Get a first look at The 23rd Hero with this exclusive excerpt!

The 23rd Hero by Rebecca Anne Nguyen

Part 1

Sloane Burrows was cycling up traffic-clogged New Street, swerving around electric cars and self-driving trams as she followed the GPS inside her filtration mask. The sky was tinged a concerning shade of umber, the air tinny and sour through her mask, and the frequent rain showers in this part of town always carried the faint zest of nitrates. Still, she felt relieved to have gotten a gig on the south side of the harbor. Especially when she took a hard right and pedaled away from Stanley Park, turning her back to the depressing view of the Lions Gate bridge. She remembered how she used to look for the bridge through a screen of towering hemlocks, and how the hue of the sweeping green arch so closely matched the color of the trees that the city’s two most iconic fixtures seemed to become one; it was as if humanity was in perfect harmony with nature. Twenty years later, Sloane was no longer a child, and the bridge was no longer hidden. Painfully visible against the yellow-brown sky, it was the only thing in Vancouver that was still green.

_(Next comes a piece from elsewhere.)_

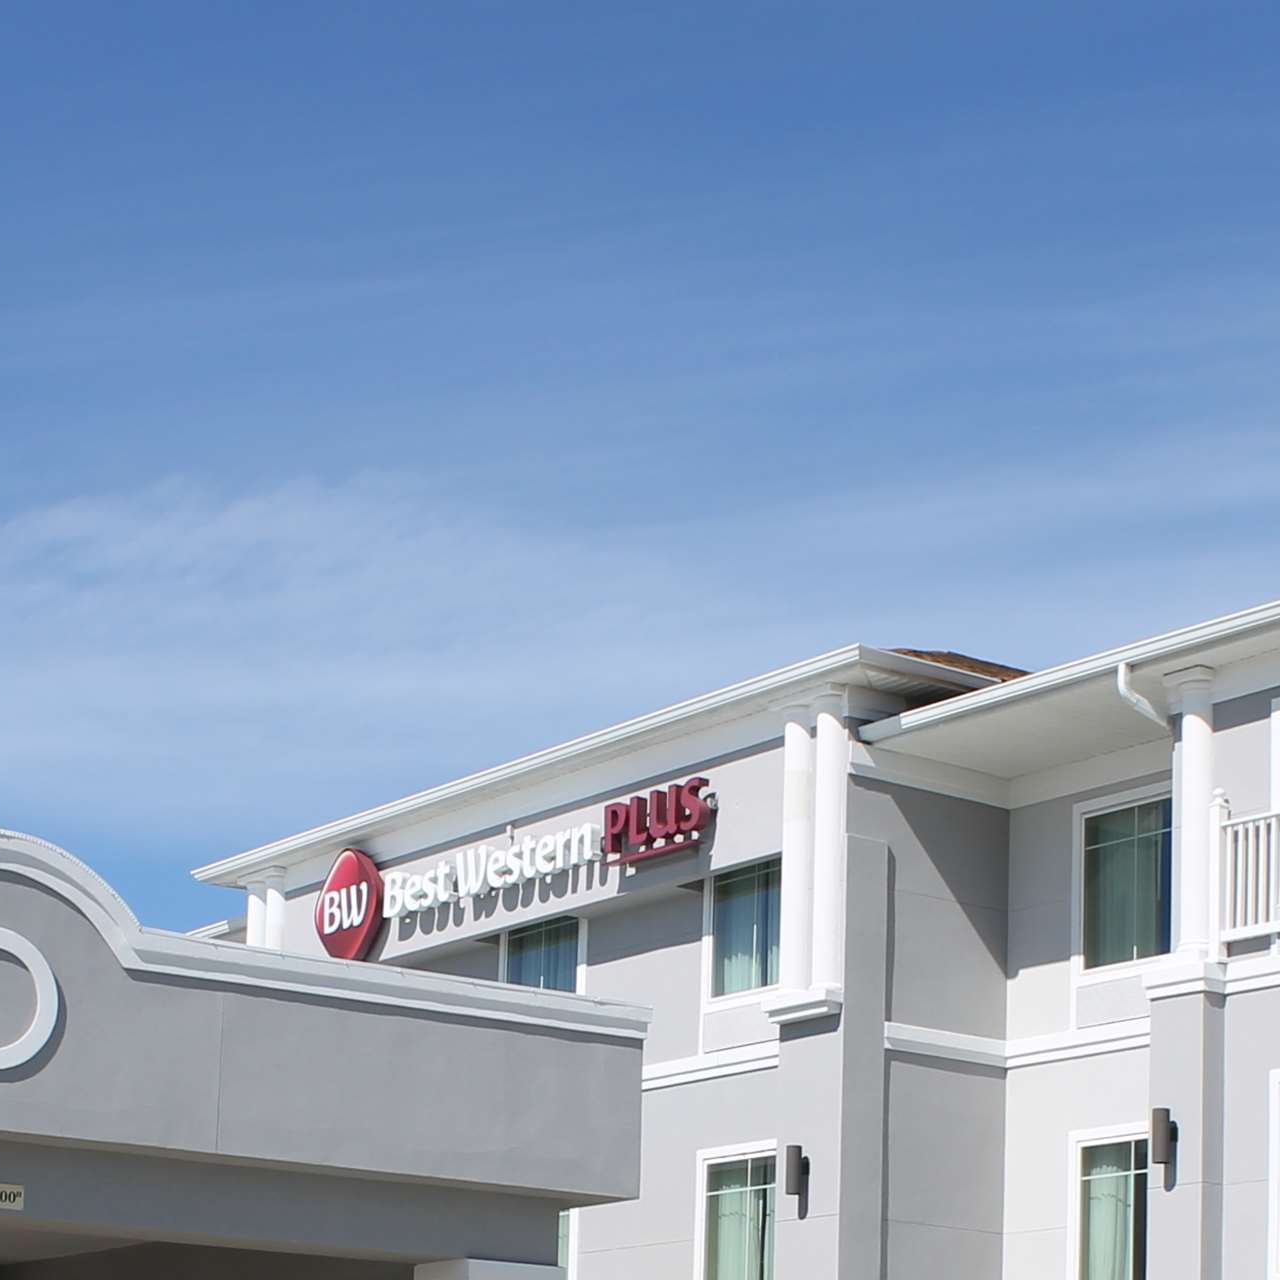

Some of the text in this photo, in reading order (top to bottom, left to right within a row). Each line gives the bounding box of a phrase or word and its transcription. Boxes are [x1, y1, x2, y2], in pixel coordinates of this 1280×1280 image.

When she reached Application Booth 439, Sloane hopped off her government-issued bicycle, inserted it into the nearest docking station, and pushed her way through the masked crowd, holding her Boothie badge above her head. Her boss, Brody, was always talking about the link between crowd control and confidence, but Sloane kept her eyes on the ground, overcome with the feeling of making her way down a gauntlet. If only she could fix the Program application booths without having to interact with the people who used them. The booths were quiet. The booths never complained. They’d always reminded Sloane of old-fashioned phone booths, except they were bright blue and just about everywhere—next to the self-checkout in vegan groceries, inside the terminals of high-speed train stations, and on pretty much every street corner throughout every inhabited area in the world. The Program had recently used a drone to deliver an application booth to a village in Far Western Nepal, which up until last week had been the last remaining area of human habitation without a booth within twenty kilometers. Some people thought it was overkill, all the booths, but Sloane thought it showed how committed the Program was to finding the planet’s next Hero no matter where they came from, whether they were a yogi living in a remote Himalayan cave or an environmental engineer from San Francisco. (Okay, so most Heroes were environmental engineers from San Francisco, or Copenhagen, or Tokyo. But the 2nd Hero had been an organic farmer from Wisconsin who prevented the discovery of DDT. And the 7th Hero was an auto mechanic from Ireland who convinced Henry Ford to invent an electric Model-T. So technically, the Program could choose anyone to be a Hero, as long as that person could effectively carry out their Mission once they traveled back in time.)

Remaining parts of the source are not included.